Rubber Tycoons Make Their Debut Among Thailand’s Wealthiest Due to Growing Demand For Medical Gloves
As tire sales were decimated by the pandemic, Thai rubber producer Sri Trang shifted its focus to medical gloves, establishing Thailand as a global supplier.
Covid-19 initially stifled growth at Sri Trang Agro-Industry by deflating tire sales—rubber for tires accounted for the lion’s share of the company’s sales—along with car purchases. Rubber prices, which were already depressed prior to the pandemic, fell further. As a result, Sri Trang shifted gears and increased rubber glove production in response to soaring global demand for protective gear.
The move paid off, with Sri Trang’s revenue increasing by 80 percent year on year to 32 billion baht ($1 billion) in the first quarter. Its Thai and Singapore-listed shares soared to new highs, boosting cofounders Somwang and Viyavood Sincharoenkul’s net worth to $865 million and putting the father and son on the list for the first time.
Rubber gloves accounted for a quarter of Sri Trang’s revenue prior to the pandemic. This percentage has increased to 41% as the group plans to sell more than 28 billion pieces by the end of 2020.
Sri Trang was founded in 1987 by Somwang and his son Viyavood following a four-decade career with a Thai rubber producer. Sri Trang’s chairman, Viyavood, took over in 2010; Somwang serves as an honorary advisor.

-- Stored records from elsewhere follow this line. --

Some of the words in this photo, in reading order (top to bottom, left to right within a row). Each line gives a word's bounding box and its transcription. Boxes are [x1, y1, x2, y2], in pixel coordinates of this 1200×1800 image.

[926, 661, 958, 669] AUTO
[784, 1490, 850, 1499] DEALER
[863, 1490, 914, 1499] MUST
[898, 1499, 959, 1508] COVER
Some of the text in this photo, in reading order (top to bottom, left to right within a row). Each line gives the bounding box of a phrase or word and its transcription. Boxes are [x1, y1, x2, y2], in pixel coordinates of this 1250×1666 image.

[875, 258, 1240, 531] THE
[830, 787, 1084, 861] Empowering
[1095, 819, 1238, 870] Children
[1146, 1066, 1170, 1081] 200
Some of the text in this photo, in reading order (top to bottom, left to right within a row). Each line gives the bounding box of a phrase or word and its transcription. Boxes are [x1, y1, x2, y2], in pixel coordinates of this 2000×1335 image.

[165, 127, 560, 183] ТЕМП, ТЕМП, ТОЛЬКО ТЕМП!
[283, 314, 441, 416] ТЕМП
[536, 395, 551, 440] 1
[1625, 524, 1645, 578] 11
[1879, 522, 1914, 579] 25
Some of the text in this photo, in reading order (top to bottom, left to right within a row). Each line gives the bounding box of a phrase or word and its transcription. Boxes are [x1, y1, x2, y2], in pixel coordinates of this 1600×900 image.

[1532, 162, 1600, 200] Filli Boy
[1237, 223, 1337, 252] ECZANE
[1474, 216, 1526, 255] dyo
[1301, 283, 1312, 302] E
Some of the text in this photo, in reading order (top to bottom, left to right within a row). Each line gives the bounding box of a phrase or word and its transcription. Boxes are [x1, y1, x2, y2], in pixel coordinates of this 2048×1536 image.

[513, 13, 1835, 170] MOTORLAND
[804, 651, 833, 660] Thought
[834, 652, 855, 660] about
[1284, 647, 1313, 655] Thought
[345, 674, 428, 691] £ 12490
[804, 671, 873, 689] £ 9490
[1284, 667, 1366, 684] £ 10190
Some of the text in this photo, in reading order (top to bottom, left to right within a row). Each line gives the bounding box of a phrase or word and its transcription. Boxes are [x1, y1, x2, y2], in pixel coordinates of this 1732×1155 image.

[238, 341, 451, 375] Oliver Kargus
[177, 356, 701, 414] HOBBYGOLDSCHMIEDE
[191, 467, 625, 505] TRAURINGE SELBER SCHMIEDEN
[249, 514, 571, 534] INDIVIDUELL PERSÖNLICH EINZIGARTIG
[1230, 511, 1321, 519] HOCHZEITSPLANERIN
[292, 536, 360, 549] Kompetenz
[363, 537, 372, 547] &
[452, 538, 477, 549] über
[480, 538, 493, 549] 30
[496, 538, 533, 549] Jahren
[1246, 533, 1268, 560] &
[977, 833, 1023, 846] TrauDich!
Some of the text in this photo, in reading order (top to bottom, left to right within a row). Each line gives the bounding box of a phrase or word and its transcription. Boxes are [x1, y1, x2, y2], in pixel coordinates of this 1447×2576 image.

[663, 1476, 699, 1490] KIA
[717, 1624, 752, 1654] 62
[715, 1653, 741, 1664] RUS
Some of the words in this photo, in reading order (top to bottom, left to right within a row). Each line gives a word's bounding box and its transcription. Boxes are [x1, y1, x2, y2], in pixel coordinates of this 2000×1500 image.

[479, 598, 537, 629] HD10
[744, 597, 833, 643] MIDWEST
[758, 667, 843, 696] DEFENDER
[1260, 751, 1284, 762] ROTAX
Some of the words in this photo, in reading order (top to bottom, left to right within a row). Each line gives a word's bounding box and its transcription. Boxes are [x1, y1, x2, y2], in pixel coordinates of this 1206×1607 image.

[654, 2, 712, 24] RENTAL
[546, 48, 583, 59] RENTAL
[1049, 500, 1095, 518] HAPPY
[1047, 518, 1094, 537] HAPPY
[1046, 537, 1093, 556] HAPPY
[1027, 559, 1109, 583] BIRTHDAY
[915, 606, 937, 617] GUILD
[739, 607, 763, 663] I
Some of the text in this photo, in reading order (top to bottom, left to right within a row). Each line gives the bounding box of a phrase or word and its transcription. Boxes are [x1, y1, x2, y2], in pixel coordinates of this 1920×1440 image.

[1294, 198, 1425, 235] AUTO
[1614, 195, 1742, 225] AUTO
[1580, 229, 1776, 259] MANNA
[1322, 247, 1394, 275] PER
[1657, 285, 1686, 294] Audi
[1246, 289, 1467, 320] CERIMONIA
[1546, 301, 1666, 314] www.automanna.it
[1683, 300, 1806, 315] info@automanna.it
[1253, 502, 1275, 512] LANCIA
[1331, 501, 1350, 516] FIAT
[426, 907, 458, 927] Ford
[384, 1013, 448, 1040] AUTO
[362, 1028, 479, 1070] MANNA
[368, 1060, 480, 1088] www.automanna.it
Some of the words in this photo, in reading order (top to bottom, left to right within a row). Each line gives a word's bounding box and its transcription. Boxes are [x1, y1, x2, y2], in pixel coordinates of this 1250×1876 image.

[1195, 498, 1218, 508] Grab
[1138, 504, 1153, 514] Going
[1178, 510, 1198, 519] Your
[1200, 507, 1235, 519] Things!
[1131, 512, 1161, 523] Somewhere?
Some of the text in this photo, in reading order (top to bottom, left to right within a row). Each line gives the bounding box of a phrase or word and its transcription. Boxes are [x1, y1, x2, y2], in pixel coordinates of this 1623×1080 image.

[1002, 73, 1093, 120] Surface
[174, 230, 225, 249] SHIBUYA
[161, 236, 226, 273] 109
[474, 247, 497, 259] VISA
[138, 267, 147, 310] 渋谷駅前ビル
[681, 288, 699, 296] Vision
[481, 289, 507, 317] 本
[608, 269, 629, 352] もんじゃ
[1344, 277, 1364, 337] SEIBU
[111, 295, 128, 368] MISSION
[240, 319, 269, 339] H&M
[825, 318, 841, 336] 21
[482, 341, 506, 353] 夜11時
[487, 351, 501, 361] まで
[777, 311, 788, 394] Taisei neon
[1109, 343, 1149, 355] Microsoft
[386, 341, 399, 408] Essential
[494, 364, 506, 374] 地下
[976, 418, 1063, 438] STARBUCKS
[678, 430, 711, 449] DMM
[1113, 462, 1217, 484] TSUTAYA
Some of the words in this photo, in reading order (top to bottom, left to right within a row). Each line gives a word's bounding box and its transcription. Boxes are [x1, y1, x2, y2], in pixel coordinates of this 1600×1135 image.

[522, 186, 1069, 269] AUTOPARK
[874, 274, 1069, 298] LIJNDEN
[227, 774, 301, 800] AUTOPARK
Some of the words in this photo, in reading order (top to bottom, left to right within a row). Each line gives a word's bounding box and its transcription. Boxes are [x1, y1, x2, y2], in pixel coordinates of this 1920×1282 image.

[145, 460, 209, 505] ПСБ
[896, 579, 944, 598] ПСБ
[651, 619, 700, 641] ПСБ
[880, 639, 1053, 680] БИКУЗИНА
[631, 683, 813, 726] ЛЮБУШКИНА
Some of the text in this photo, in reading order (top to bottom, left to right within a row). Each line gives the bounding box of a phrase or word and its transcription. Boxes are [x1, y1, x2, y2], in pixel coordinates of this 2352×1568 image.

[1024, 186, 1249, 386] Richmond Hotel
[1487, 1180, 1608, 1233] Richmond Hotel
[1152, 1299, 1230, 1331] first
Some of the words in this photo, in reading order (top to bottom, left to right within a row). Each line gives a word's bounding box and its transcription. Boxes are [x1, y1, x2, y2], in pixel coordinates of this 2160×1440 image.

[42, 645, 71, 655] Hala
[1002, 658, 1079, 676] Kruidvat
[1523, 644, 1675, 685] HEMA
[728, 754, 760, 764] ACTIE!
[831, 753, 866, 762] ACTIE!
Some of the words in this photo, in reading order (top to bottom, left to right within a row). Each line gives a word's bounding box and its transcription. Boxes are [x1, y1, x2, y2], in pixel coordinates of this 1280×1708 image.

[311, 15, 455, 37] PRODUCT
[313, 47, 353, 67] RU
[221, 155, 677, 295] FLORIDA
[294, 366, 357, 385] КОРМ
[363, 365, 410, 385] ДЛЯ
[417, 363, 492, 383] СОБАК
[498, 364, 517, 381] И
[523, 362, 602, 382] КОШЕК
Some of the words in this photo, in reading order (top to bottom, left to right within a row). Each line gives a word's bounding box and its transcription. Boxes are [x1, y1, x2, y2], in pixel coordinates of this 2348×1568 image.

Sri Trang produced more than half of Thailand’s output last year, according to Viyavood’s son, Veerasith Sinchareonkul, an executive director of Sri Trang and president of the Thai Rubber Glove Manufacturers Association, in a video call from Bangkok.
Thailand has overtaken China as the world’s second largest manufacturer of rubber gloves, accounting for roughly a fifth of global production in the $28 billion industry.
Nonetheless, it trails Malaysia, the industry behemoth that produces nearly two-thirds of the world’s rubber gloves. To help Thailand become the next glove hub, the government’s Rubber Authority of Thailand is offering loans to local manufacturers to help them expand production and upgrade equipment.
Sri Trang anticipates spending 22 billion baht by 2022 to increase capacity to 50 billion gloves. It has already increased its glove manufacturing capacity from three in 2019 to eight.
In May, the group successfully completed the secondary listing of its profitable subsidiary Sri Trang Gloves in Singapore, raising S$5.4 billion ($4.1 billion) in market capitalization. It went public on the Thai stock exchange in July 2020 — the country’s first post-lockdown IPO — and raised $482 million to fund expansion.
Rubber gloves accounted for 41% of Sri Trang’s revenue, with the group expecting to sell more than 28 billion pieces by 2020.
Ten companies entered Thailand’s glove market in the last year, including petroleum giant PTT, in response to the unprecedented demand, but Veerasith believes only a few new entrants will survive.
“They’re just discovering how difficult it is to establish a glove factory in Thailand. It requires significant investment, and the sales side requires extensive experience and certification from a variety of countries,” he explains.
He is optimistic about Thailand’s future in glove manufacturing, forecasting a 17% increase in 2021. Sales will remain stable following the pandemic, he says, as aging populations and an expanding middle class drive the healthcare market. Meanwhile, he anticipates that demand for tires will recover as a result of increased car sales.
Manufacturing And Tapping Of Rubber As a result of an excess of rubber and a scarcity of tires, tappers find themselves in a sticky situation.
Rubber prices have increased nearly 75% in the last year, but Veerasith warns that a flood of farmers to the market could jeopardize the industry’s recovery. “We anticipate that travel, manufacturing, and automobile consumption will return to normal [after] 2020,” he says. “If it does not recover in the expected time frame, that could be cause for concern.”